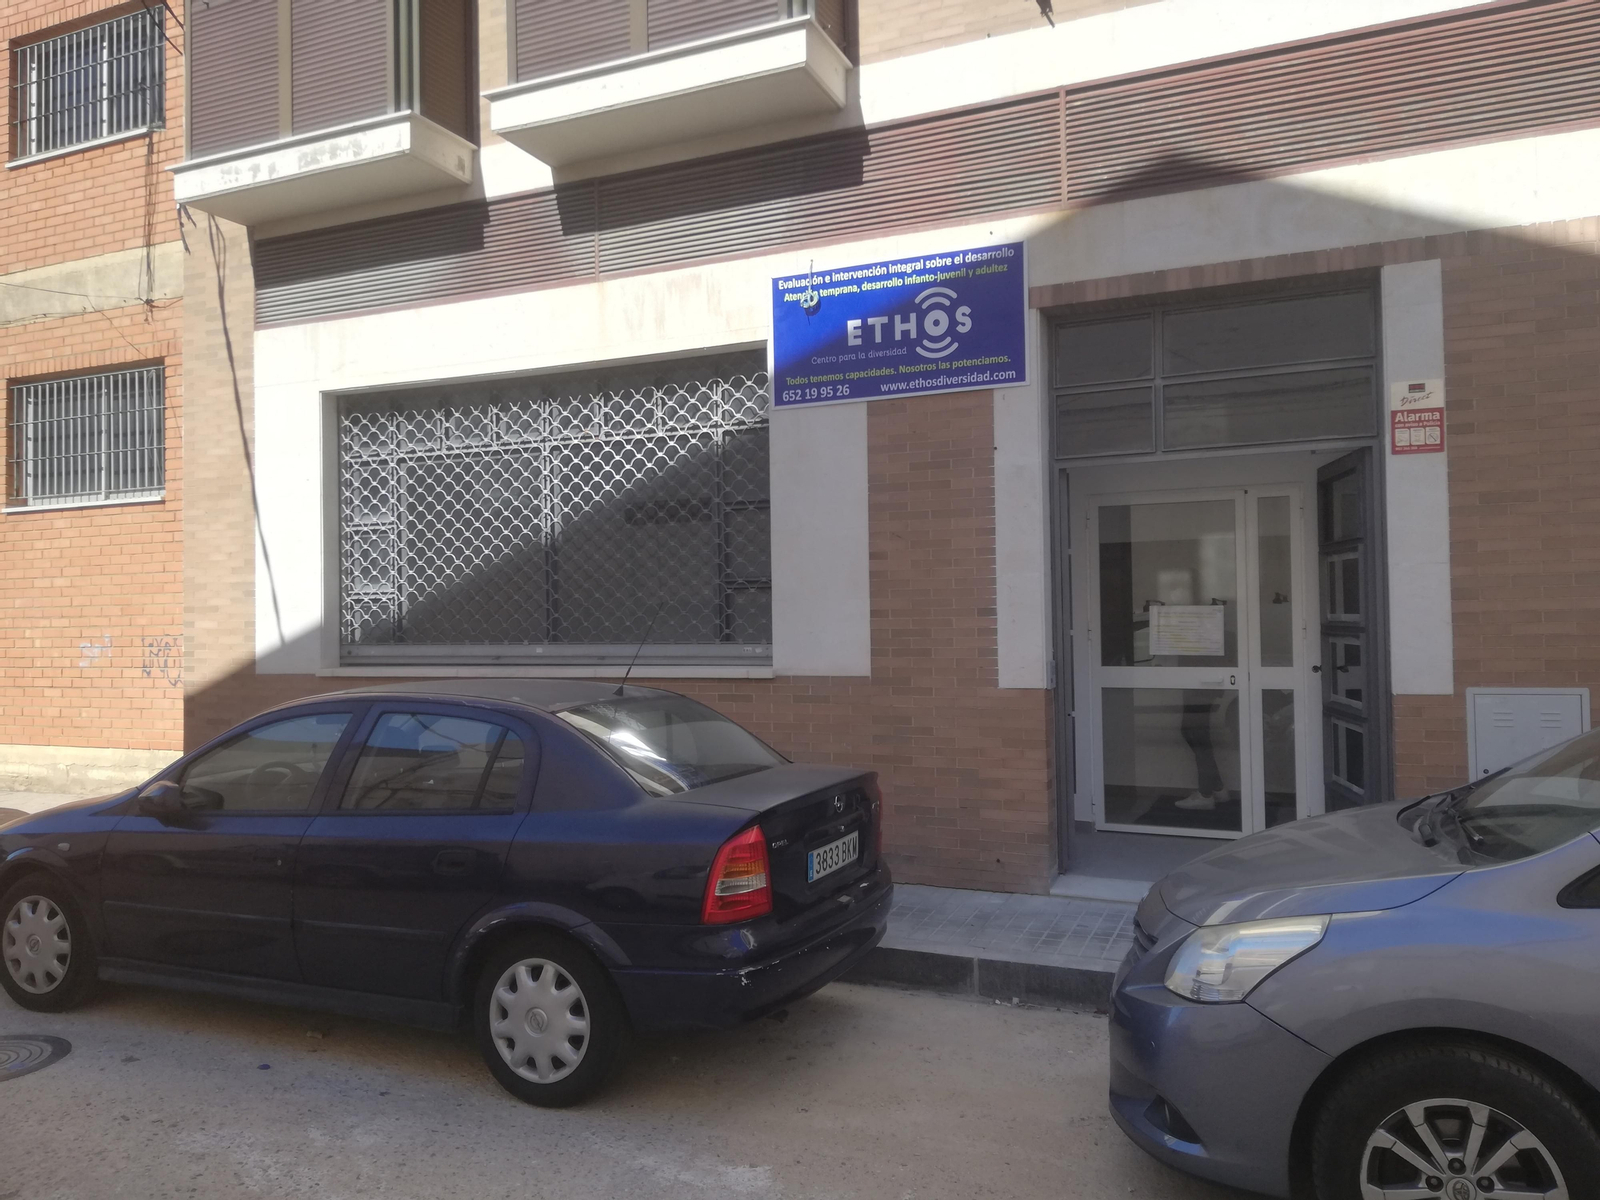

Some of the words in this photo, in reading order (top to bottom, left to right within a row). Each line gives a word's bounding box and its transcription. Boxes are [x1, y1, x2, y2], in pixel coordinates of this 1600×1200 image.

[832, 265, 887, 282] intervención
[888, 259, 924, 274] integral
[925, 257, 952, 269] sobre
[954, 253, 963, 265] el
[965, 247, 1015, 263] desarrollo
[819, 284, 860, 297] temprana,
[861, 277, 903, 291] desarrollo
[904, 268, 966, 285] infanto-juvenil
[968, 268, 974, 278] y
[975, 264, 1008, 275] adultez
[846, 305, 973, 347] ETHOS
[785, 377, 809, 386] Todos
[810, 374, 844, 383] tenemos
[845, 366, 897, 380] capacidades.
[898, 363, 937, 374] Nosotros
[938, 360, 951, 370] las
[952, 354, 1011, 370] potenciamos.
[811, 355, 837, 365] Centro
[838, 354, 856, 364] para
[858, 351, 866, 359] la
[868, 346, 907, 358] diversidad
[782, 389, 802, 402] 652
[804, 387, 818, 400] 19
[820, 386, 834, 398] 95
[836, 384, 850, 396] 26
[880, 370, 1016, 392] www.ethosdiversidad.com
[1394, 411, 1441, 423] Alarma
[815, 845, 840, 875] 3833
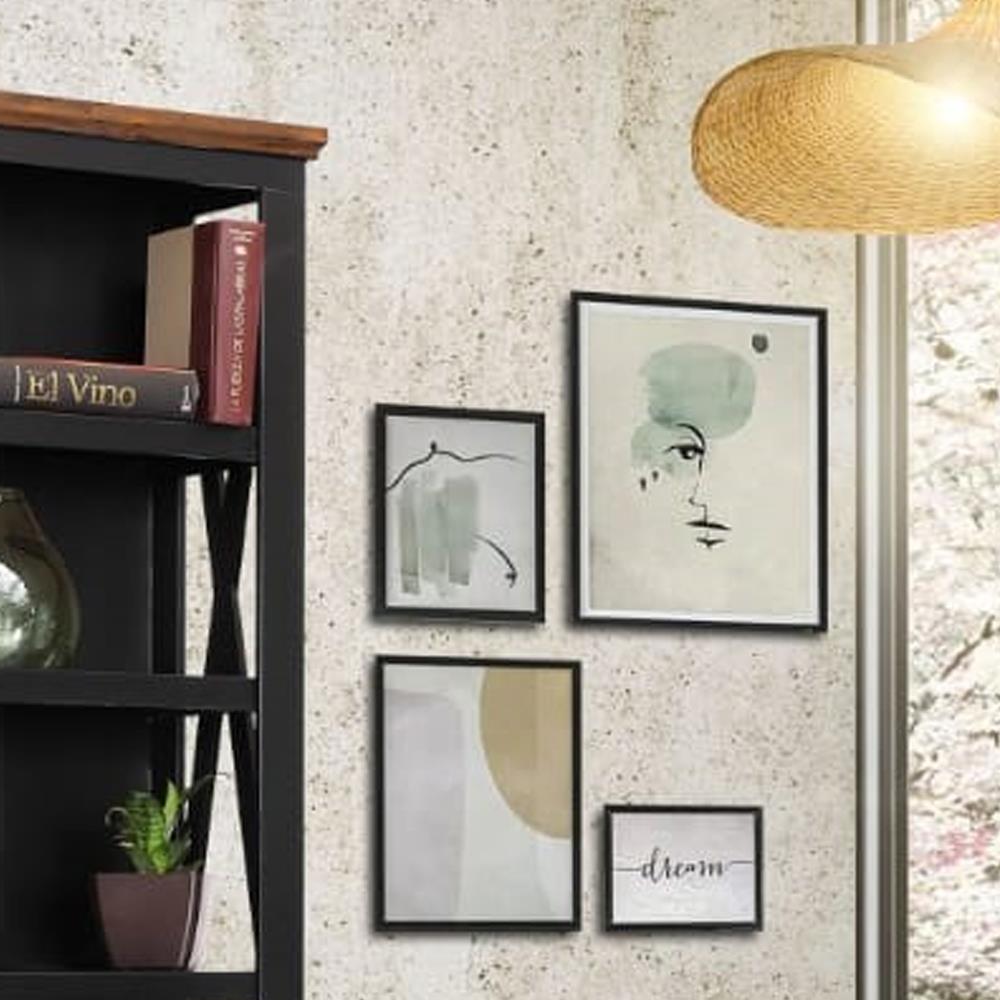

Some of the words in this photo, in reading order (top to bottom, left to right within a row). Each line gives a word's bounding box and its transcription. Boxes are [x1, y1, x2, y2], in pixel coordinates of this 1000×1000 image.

Your assignment:
Line by line, write out the records above exactly, skipping the pictures.

Answer section:
Some of the words in this photo, in reading order (top to bottom, left to right within a row). Each line gives a word's bounding box and its transcription. Boxes are [x1, y1, x2, y2], in pixel coordinates of this 1600×1200 image.

[832, 265, 887, 282] intervención
[888, 259, 924, 274] integral
[925, 257, 952, 269] sobre
[954, 253, 963, 265] el
[965, 247, 1015, 263] desarrollo
[819, 284, 860, 297] temprana,
[861, 277, 903, 291] desarrollo
[904, 268, 966, 285] infanto-juvenil
[968, 268, 974, 278] y
[975, 264, 1008, 275] adultez
[846, 305, 973, 347] ETHOS
[785, 377, 809, 386] Todos
[810, 374, 844, 383] tenemos
[845, 366, 897, 380] capacidades.
[898, 363, 937, 374] Nosotros
[938, 360, 951, 370] las
[952, 354, 1011, 370] potenciamos.
[811, 355, 837, 365] Centro
[838, 354, 856, 364] para
[858, 351, 866, 359] la
[868, 346, 907, 358] diversidad
[782, 389, 802, 402] 652
[804, 387, 818, 400] 19
[820, 386, 834, 398] 95
[836, 384, 850, 396] 26
[880, 370, 1016, 392] www.ethosdiversidad.com
[1394, 411, 1441, 423] Alarma
[815, 845, 840, 875] 3833

Some of the words in this photo, in reading order (top to bottom, left to right within a row). Each line gives a word's bounding box and its transcription. Boxes are [x1, y1, x2, y2], in pixel coordinates of this 1000×1000 image.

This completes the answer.